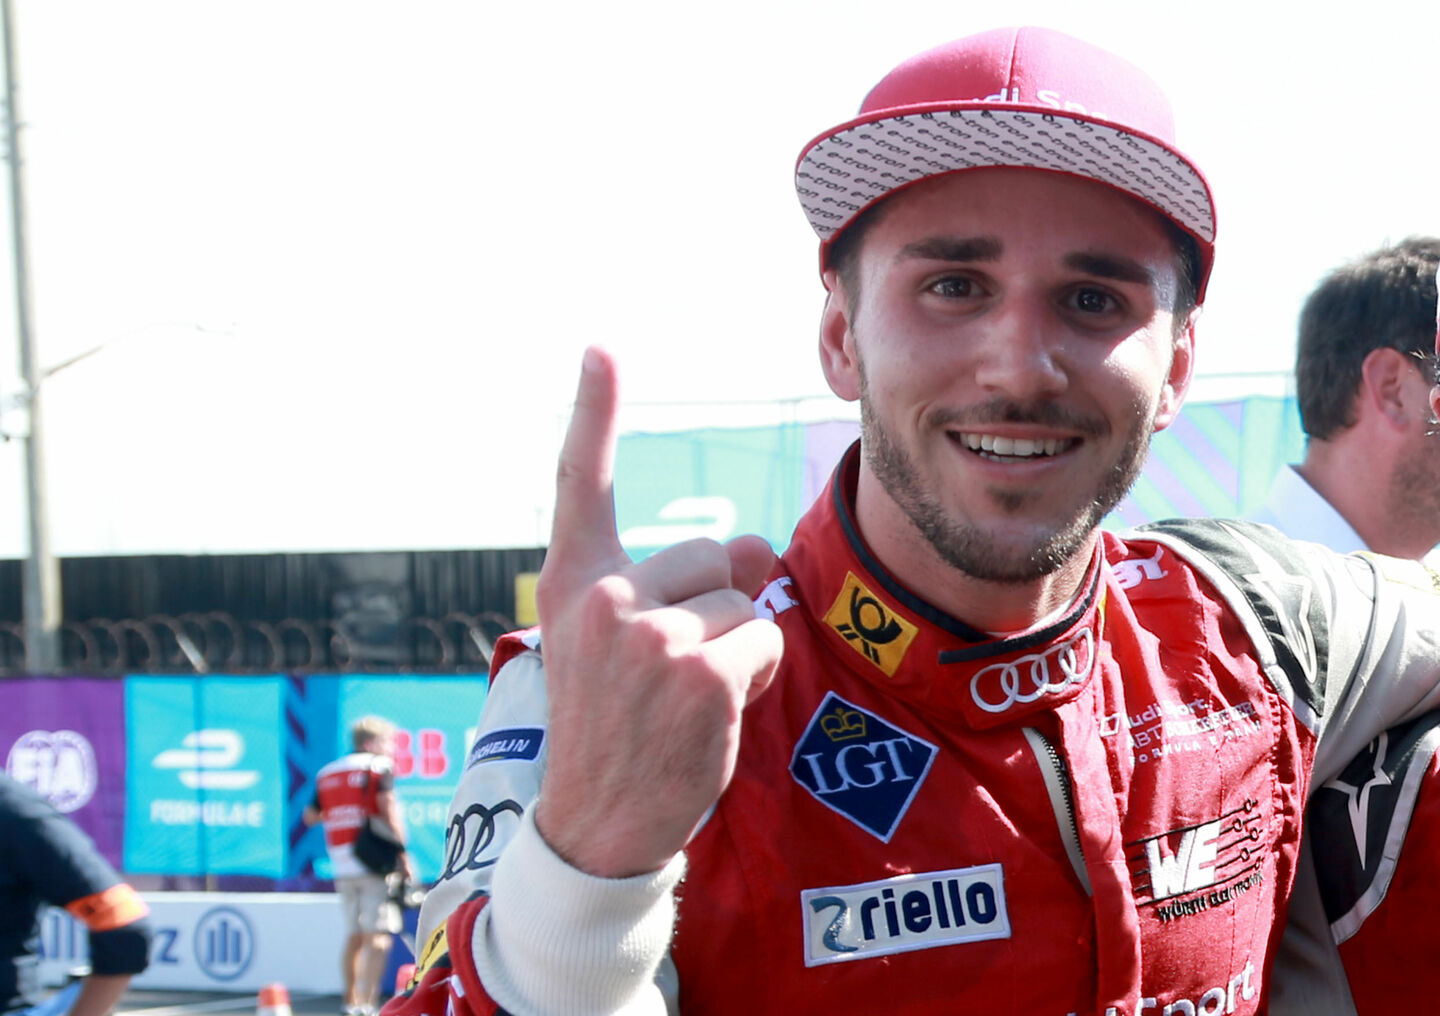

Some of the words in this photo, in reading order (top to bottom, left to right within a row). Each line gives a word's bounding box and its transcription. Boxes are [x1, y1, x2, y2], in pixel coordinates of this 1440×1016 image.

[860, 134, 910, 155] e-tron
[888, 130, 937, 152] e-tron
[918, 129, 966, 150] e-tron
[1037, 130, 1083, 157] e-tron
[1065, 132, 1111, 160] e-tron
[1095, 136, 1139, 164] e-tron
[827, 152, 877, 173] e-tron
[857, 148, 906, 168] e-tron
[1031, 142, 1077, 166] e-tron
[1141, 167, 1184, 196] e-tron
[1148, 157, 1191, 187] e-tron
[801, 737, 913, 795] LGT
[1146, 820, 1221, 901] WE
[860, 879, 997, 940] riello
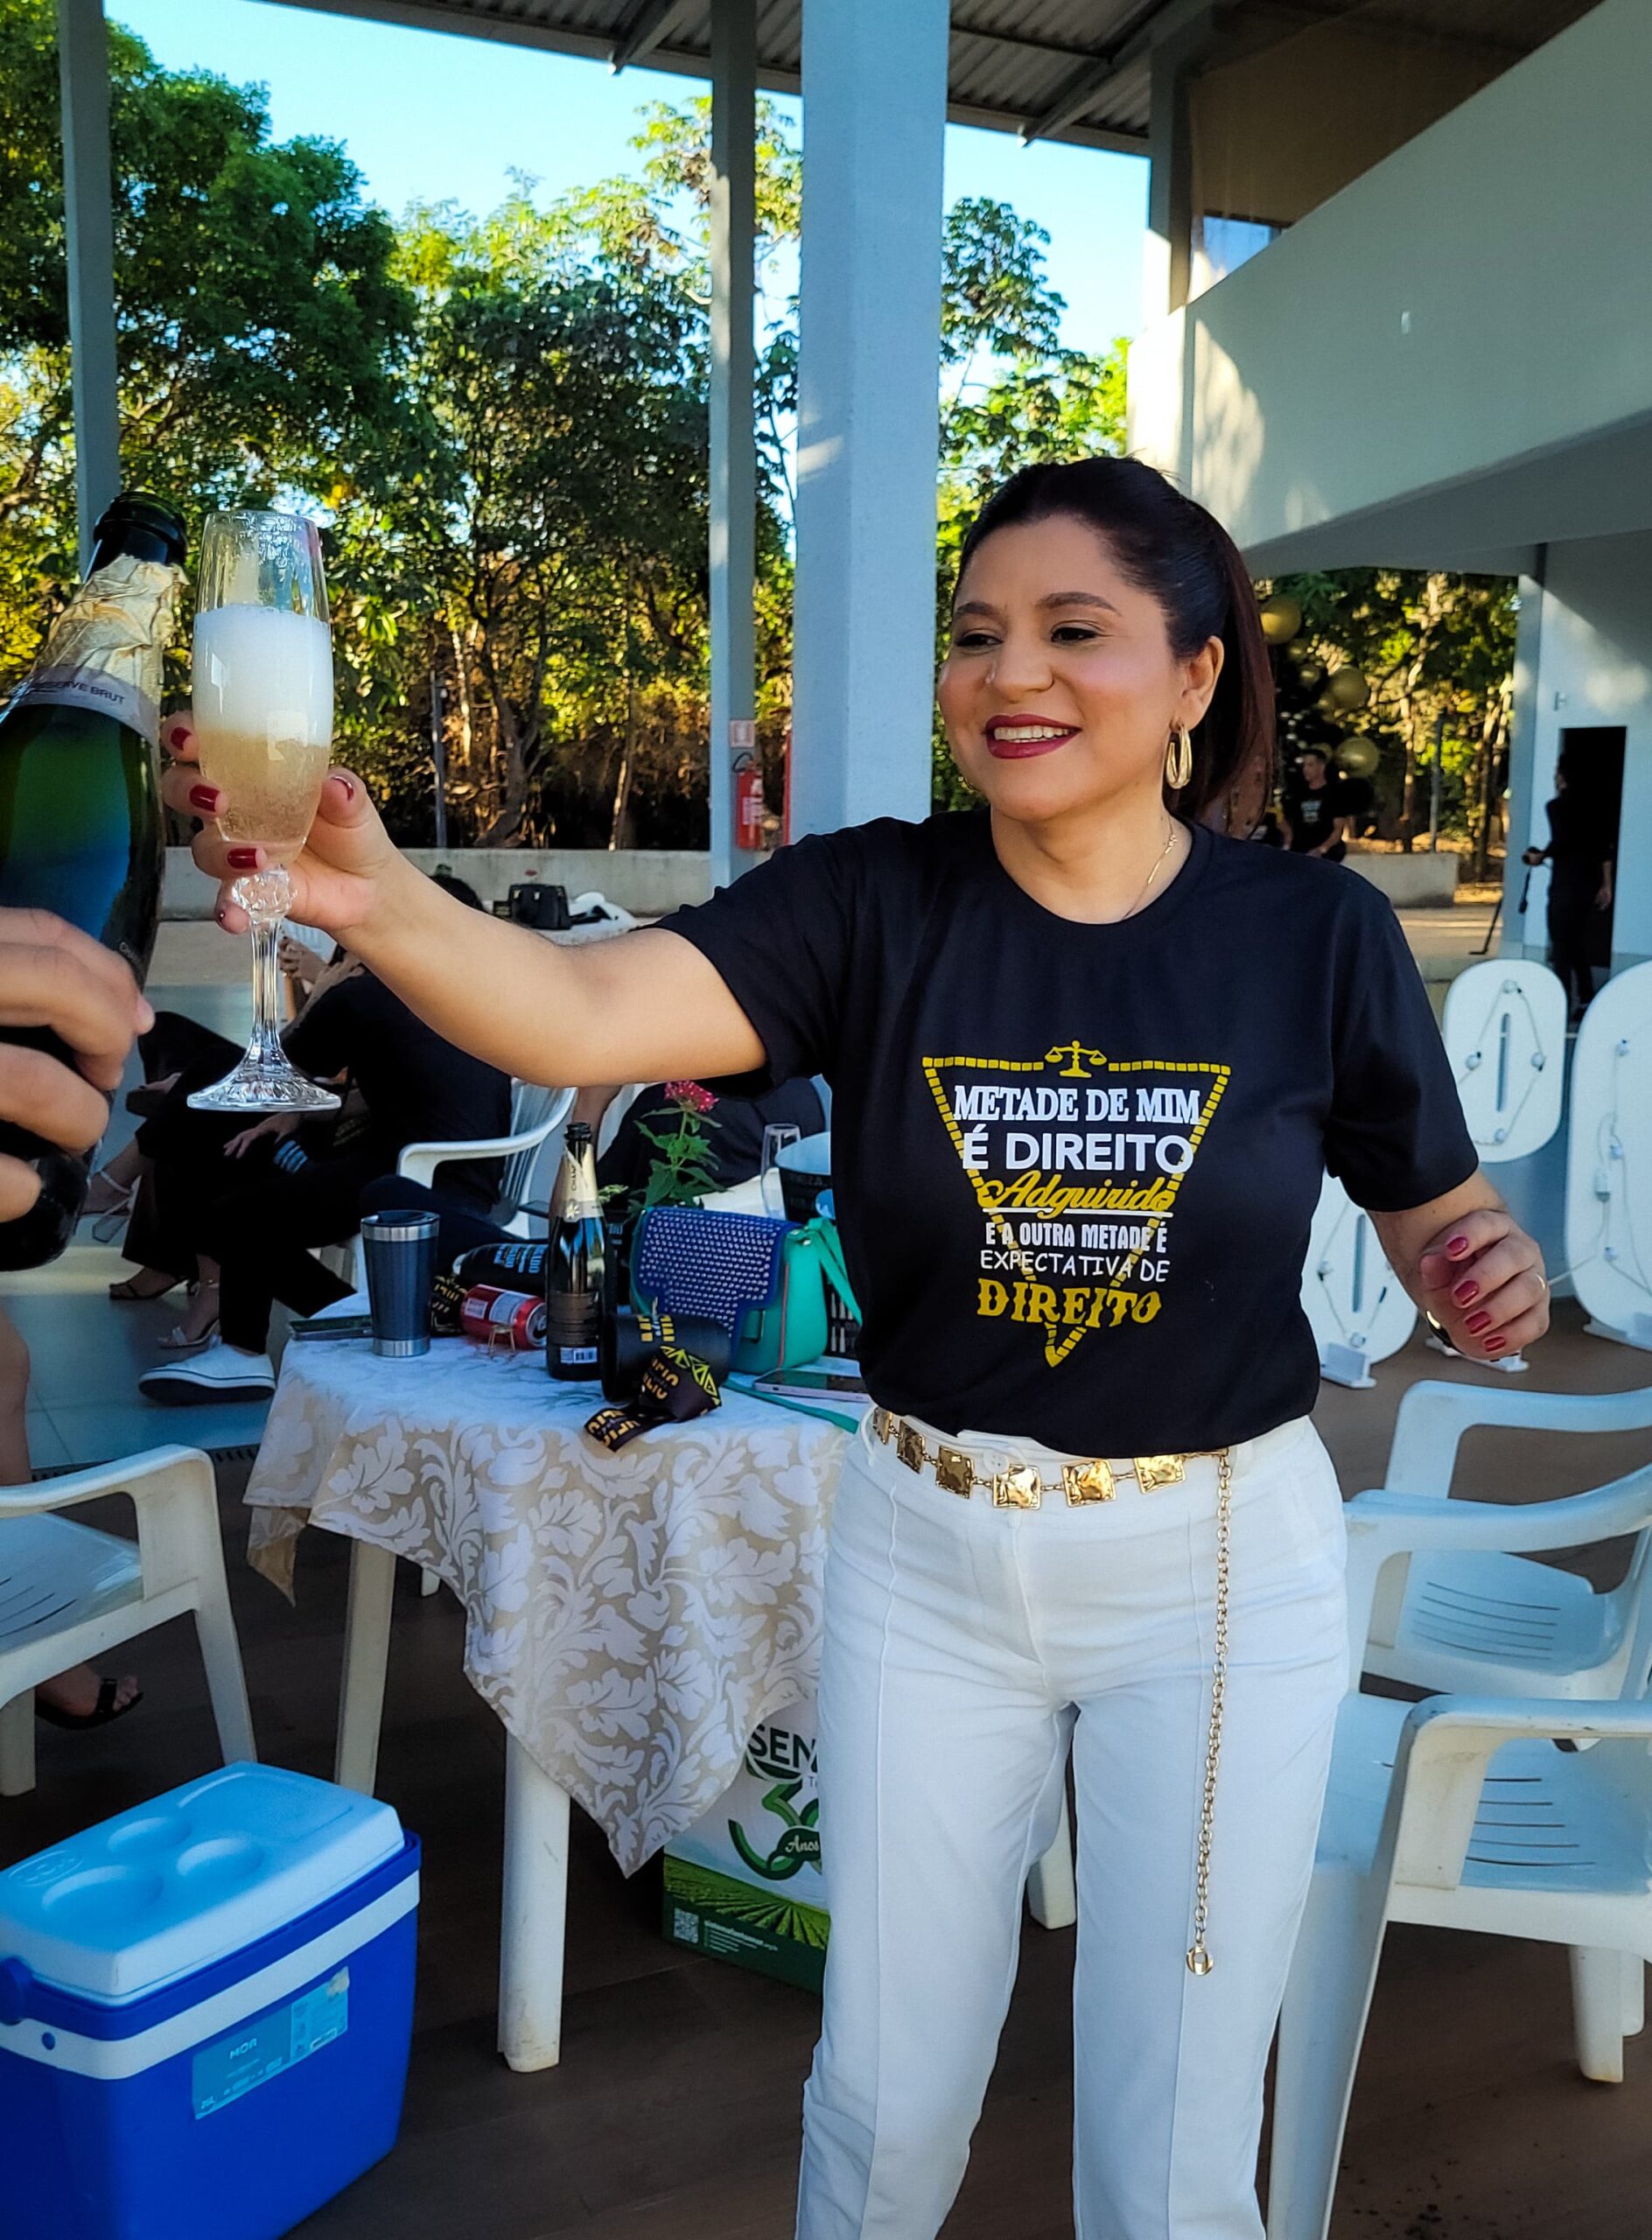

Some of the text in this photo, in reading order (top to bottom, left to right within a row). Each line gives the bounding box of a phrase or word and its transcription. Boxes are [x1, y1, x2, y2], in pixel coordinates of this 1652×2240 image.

-------------------------

Task goal: An exact copy of all the lines above is required, with the pictures removed.

Result:
Some of the words in this photo, in reading order (top to bottom, left to right within a row). Each line gives a word's bounding box and its transcription. Boxes are [x1, y1, x2, y2], in pixel coordinates of this 1440×1016 image.

[860, 134, 910, 155] e-tron
[888, 130, 937, 152] e-tron
[918, 129, 966, 150] e-tron
[1037, 130, 1083, 157] e-tron
[1065, 132, 1111, 160] e-tron
[1095, 136, 1139, 164] e-tron
[827, 152, 877, 173] e-tron
[857, 148, 906, 168] e-tron
[1031, 142, 1077, 166] e-tron
[1141, 167, 1184, 196] e-tron
[1148, 157, 1191, 187] e-tron
[801, 737, 913, 795] LGT
[1146, 820, 1221, 901] WE
[860, 879, 997, 940] riello

Some of the text in this photo, in reading order (top to bottom, left to right within a row). Each line gives the bounding box of a phrase or word and its transcription. Boxes are [x1, y1, x2, y2], in pixel coordinates of this 1652×2240 image.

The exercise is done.